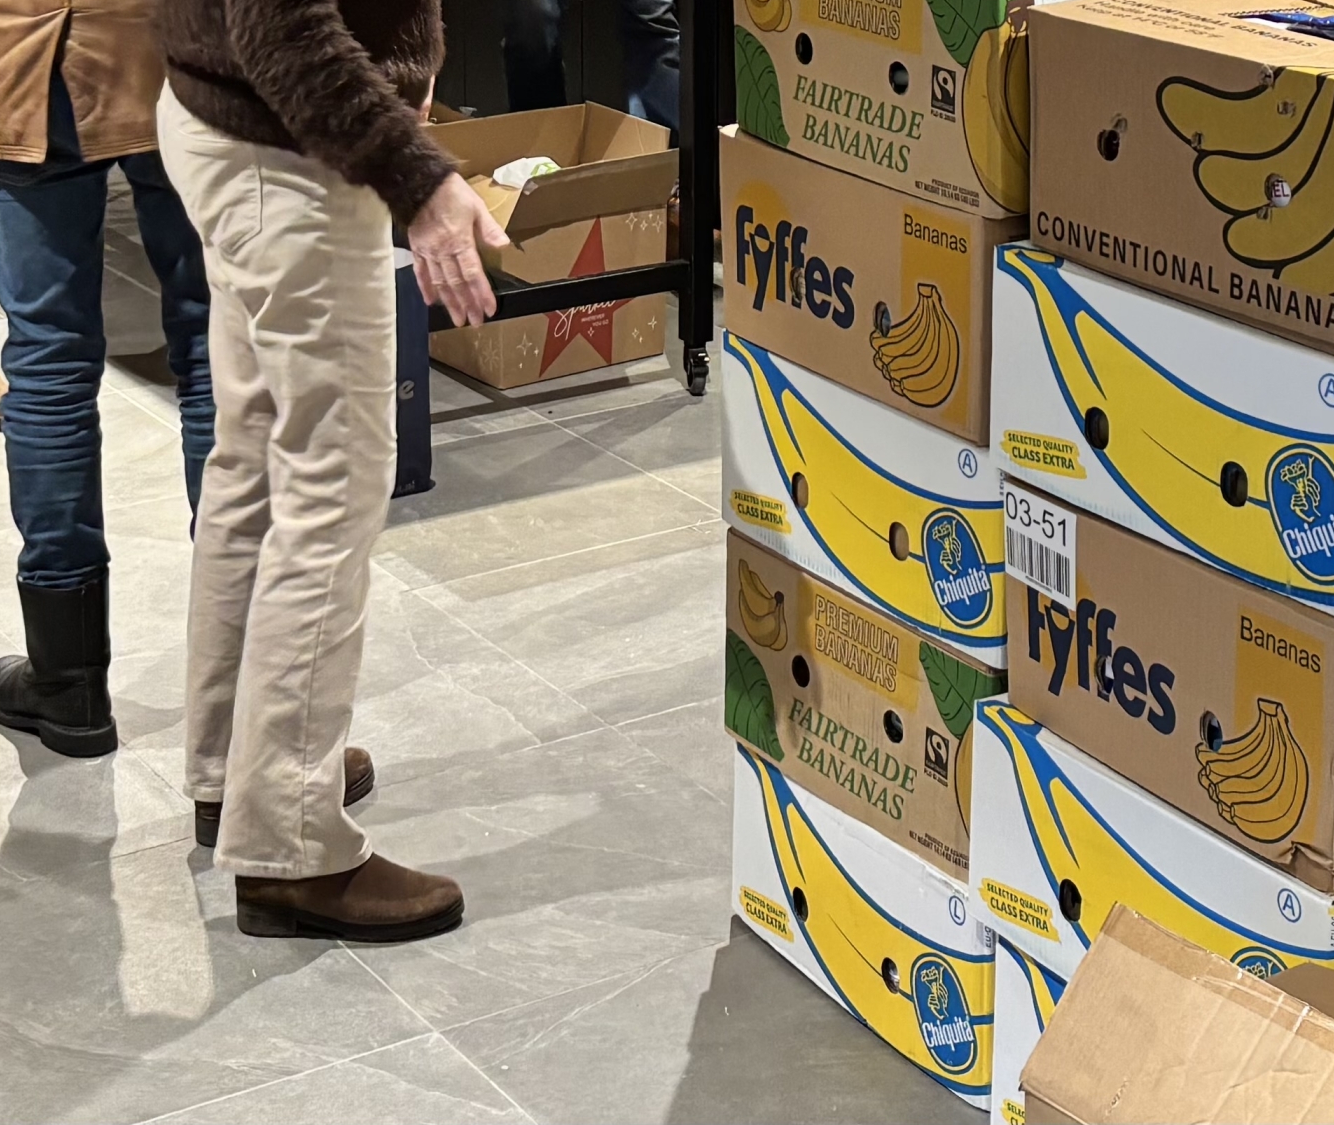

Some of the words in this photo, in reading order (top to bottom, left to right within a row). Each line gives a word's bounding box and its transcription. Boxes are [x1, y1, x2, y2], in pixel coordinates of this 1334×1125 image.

[1232, 24, 1317, 48] BANANAS
[792, 74, 925, 141] FAIRTRADE
[801, 113, 911, 173] BANANAS
[903, 213, 968, 255] Bananas
[1037, 211, 1220, 295] CONVENTIONAL
[1008, 432, 1042, 450] SELECTED
[1043, 439, 1074, 455] QUALITY
[1011, 446, 1042, 464] CLASS
[1043, 453, 1075, 471] EXTRA
[737, 504, 759, 521] CLASS
[761, 511, 784, 526] EXTRA
[1005, 492, 1067, 548] 03-51
[933, 567, 991, 607] Chiquita
[815, 595, 899, 664] PREMIUM
[1240, 616, 1322, 673] Bananas
[815, 625, 897, 693] BANANAS
[788, 701, 918, 795] FAIRTRADE
[797, 736, 904, 821] BANANAS
[745, 901, 766, 924] CLASS
[767, 915, 787, 935] EXTRA
[987, 882, 1018, 903] SELECTED
[1019, 897, 1049, 917] QUALITY
[990, 897, 1018, 921] CLASS
[1019, 912, 1050, 933] EXTRA
[1282, 894, 1297, 917] A
[922, 1018, 974, 1052] Chiquita
____
WHAT TO PRODUCE:
Retype the records in full. Do not carry over the images.

RESULT BELOW:
Some of the words in this photo, in reading order (top to bottom, left to right within a row). Each line gives a word's bounding box and its transcription. Boxes are [x1, y1, x2, y2], in pixel coordinates of this 1334×1125 image.

[1232, 24, 1317, 48] BANANAS
[792, 74, 925, 141] FAIRTRADE
[801, 113, 911, 173] BANANAS
[903, 213, 968, 255] Bananas
[1037, 211, 1220, 295] CONVENTIONAL
[1008, 432, 1042, 450] SELECTED
[1043, 439, 1074, 455] QUALITY
[1011, 446, 1042, 464] CLASS
[1043, 453, 1075, 471] EXTRA
[737, 504, 759, 521] CLASS
[761, 511, 784, 526] EXTRA
[1005, 492, 1067, 548] 03-51
[933, 567, 991, 607] Chiquita
[815, 595, 899, 664] PREMIUM
[1240, 616, 1322, 673] Bananas
[815, 625, 897, 693] BANANAS
[788, 701, 918, 795] FAIRTRADE
[797, 736, 904, 821] BANANAS
[745, 901, 766, 924] CLASS
[767, 915, 787, 935] EXTRA
[987, 882, 1018, 903] SELECTED
[1019, 897, 1049, 917] QUALITY
[990, 897, 1018, 921] CLASS
[1019, 912, 1050, 933] EXTRA
[1282, 894, 1297, 917] A
[922, 1018, 974, 1052] Chiquita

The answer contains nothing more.